* EXERCISE REQUIREMENTS
If a record holds a picture, leave the picture out and print everything else exactly.
──────────
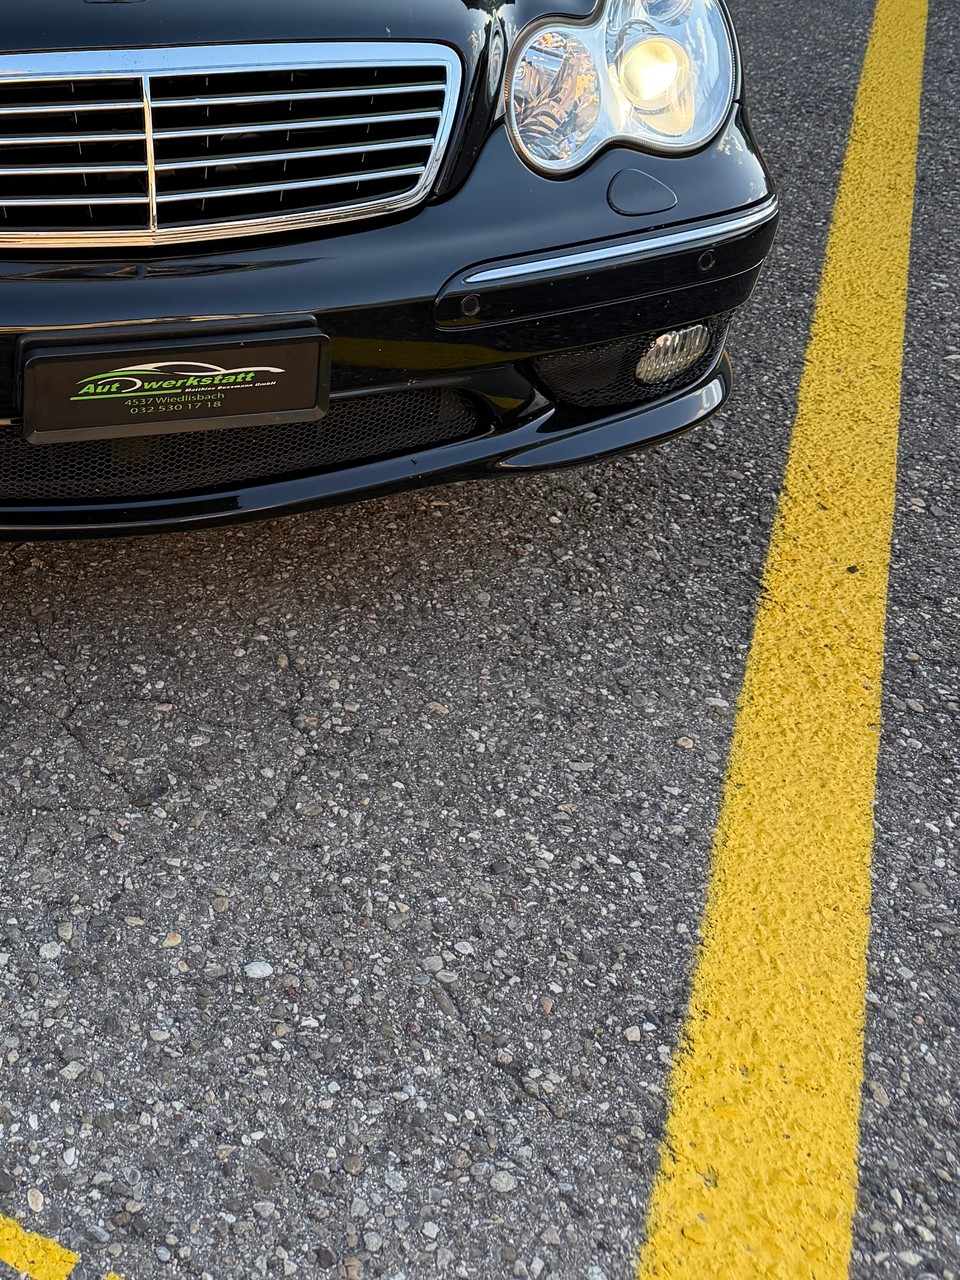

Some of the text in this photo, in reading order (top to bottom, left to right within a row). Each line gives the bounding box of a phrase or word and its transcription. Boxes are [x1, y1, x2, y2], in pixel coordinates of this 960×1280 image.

[124, 391, 225, 406] 4537 Wiedlisbach
[130, 400, 222, 415] 032 530 17 18
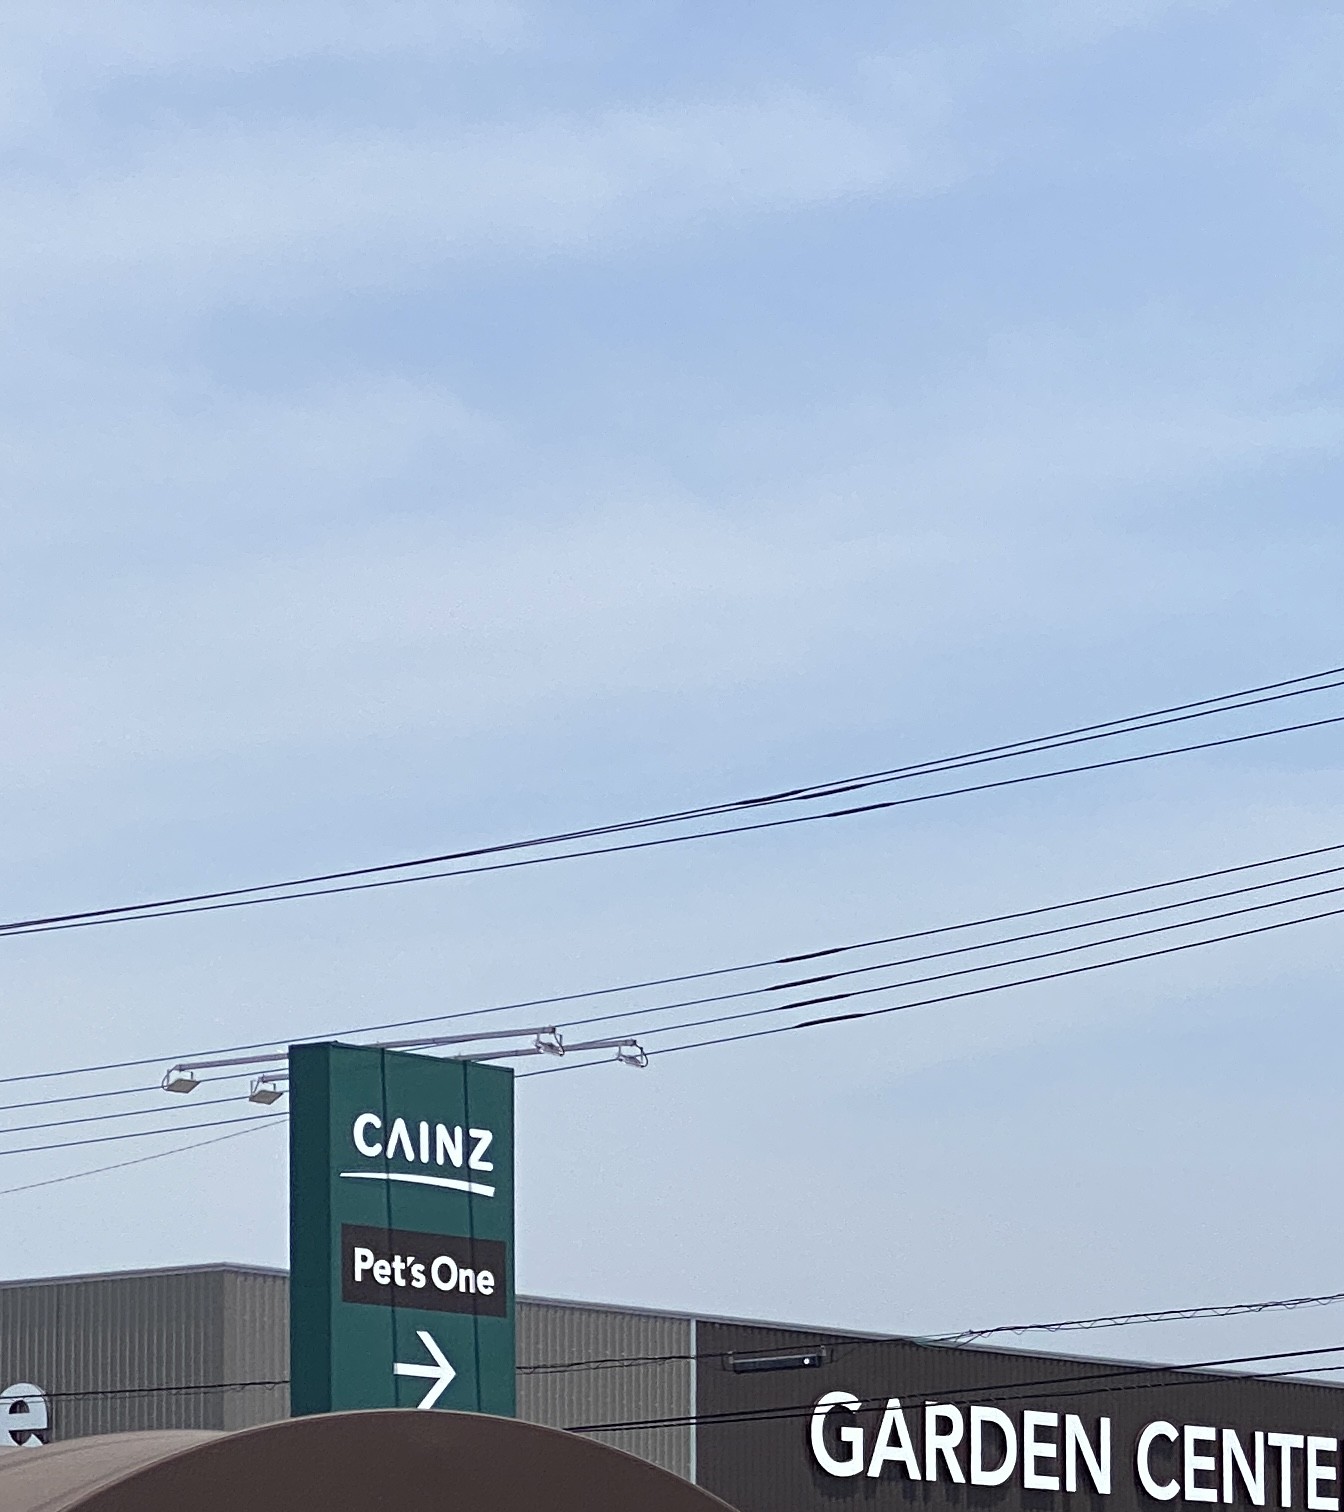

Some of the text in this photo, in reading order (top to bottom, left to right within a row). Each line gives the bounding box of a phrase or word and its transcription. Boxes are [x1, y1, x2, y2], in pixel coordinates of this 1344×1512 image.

[353, 1112, 494, 1172] CAINZ
[354, 1247, 495, 1295] Pet's One
[809, 1391, 1111, 1495] GARDEN
──────────
* PROBLEM SOLUTION
Some of the text in this photo, in reading order (top to bottom, left to right within a row). Each line gives the bounding box of a phrase or word and its transcription. Boxes are [x1, y1, x2, y2], in pixel coordinates of this 960×1280 image.

[124, 391, 225, 406] 4537 Wiedlisbach
[130, 400, 222, 415] 032 530 17 18

Some of the text in this photo, in reading order (top to bottom, left to right within a row). Each line gives the bounding box of a phrase or word and its transcription. Boxes are [x1, y1, x2, y2], in pixel coordinates of this 1344×1512 image.

[353, 1112, 494, 1172] CAINZ
[354, 1247, 495, 1295] Pet's One
[809, 1391, 1111, 1495] GARDEN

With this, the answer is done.